Premier Oil seeks to raise an extra $300m
Company proposes long-term refinancing of business ahead of its acquisition of BP assets
Premier Oil swung to a loss of $672m loss after tax, driven by one-off non-cash charges of $639m
Premier Oil is seeking to raise an additional $300 million (€251m) as part of a proposed long-term refinancing of the business ahead of its acquisition of BP assets.
The company made the announcement as it published its results for the six months to June 30th.
Premier Oil swung to a loss of $672 million after tax, driven by one-off non-cash charges of $639 million. Without the one-off charges the loss was $32 million. That compared to a profit after tax of $121 million in the first half of 2019.
In the first half of the year operating cash flow was $324 million, down from $545 million a year earlier. Free cash flow was $25 million, down from $188 million in the first half of 2019, and net debt was down to $1.97 billion, from $1.99 billion.
Production for the six months was 67.3 kboepd, down from 84.1 kboepd in the first half of 2019. The Solan P3 is due on-stream in September, which is forecast to add around 10 kbopd in the fourth quarter to group production rates. Unsanctioned growth projects have been put on hold.
“We have taken decisive action to safeguard our people and our assets,” chief executive Tony Durrant said.

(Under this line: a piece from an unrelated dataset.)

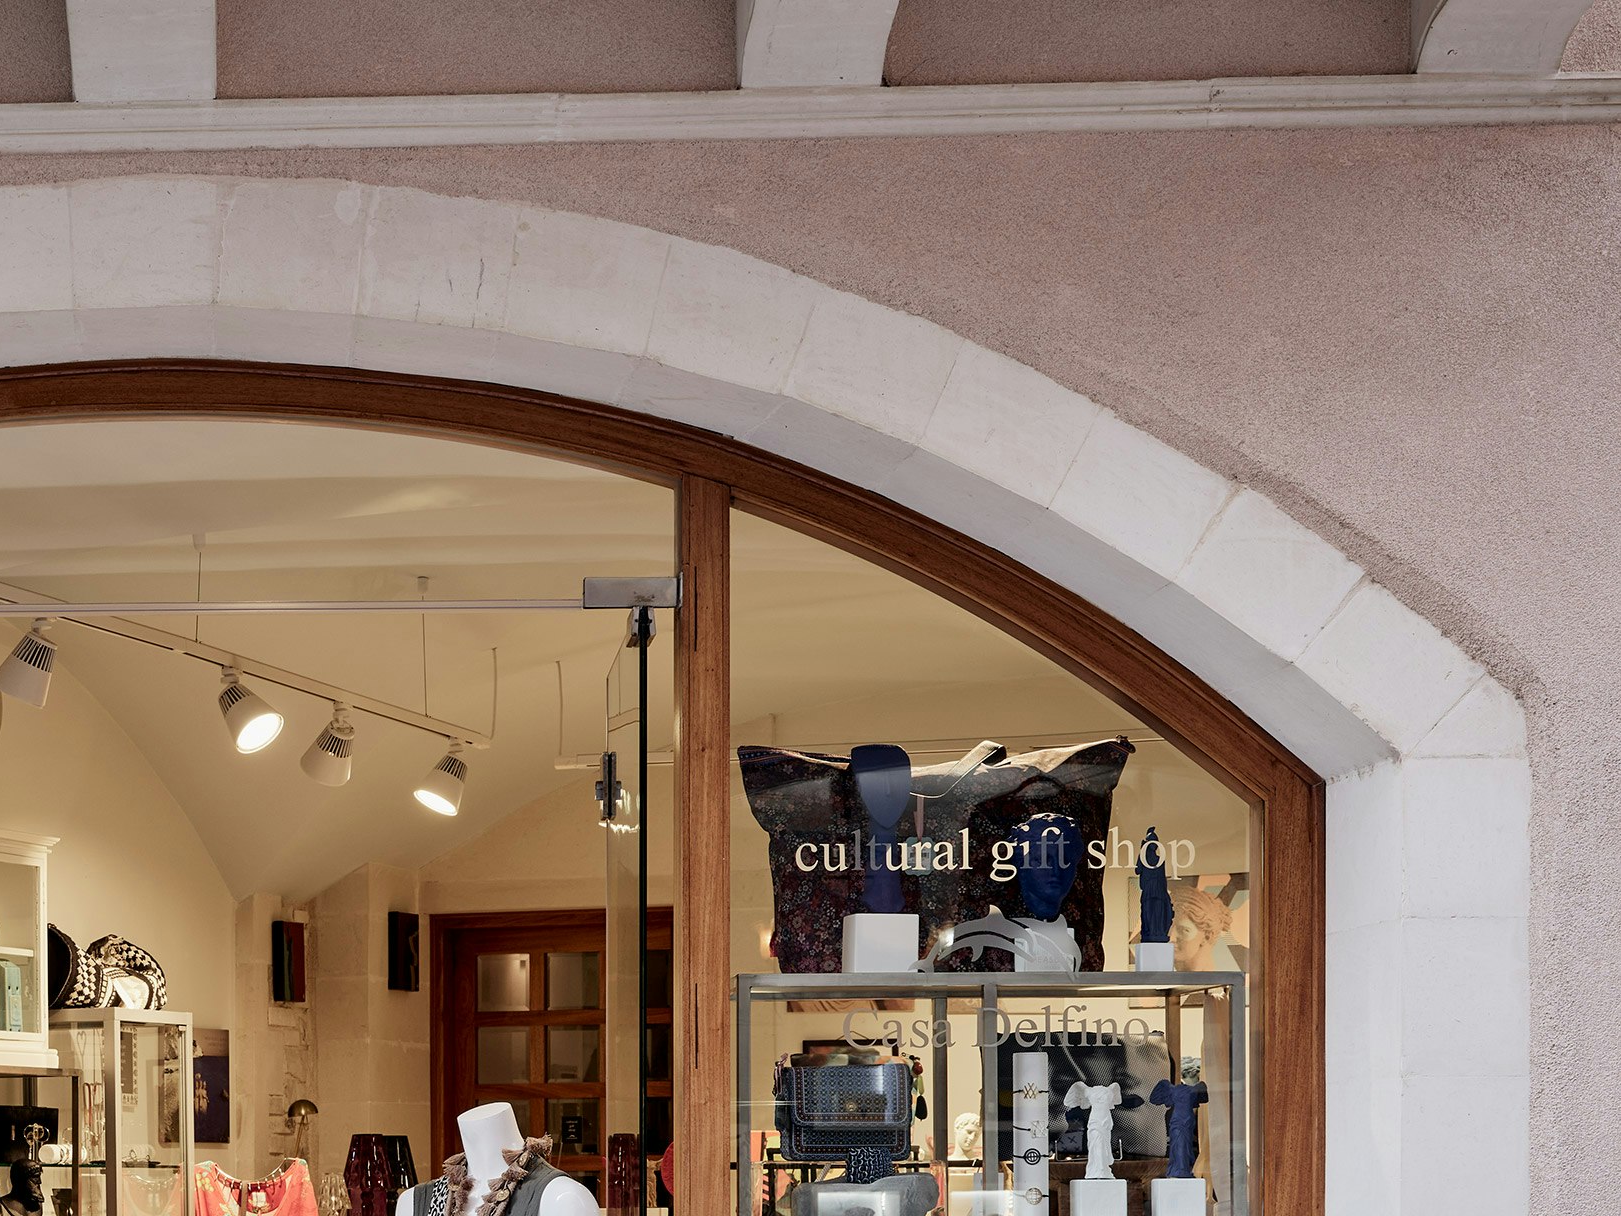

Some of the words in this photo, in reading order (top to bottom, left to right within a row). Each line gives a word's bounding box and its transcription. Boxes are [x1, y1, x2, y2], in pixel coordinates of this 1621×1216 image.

“We have reduced our expenditure which, together with our hedging programme and the continued underlying performance of our assets, resulted in us generating free cash flow for the period despite the collapse in commodity prices.
“The BP acquisitions and our proposed long-term refinancing will position Premier to benefit from materially rising near-term production, additional free cash flow generation and a strengthening balance sheet, against a backdrop of a recovering oil price.”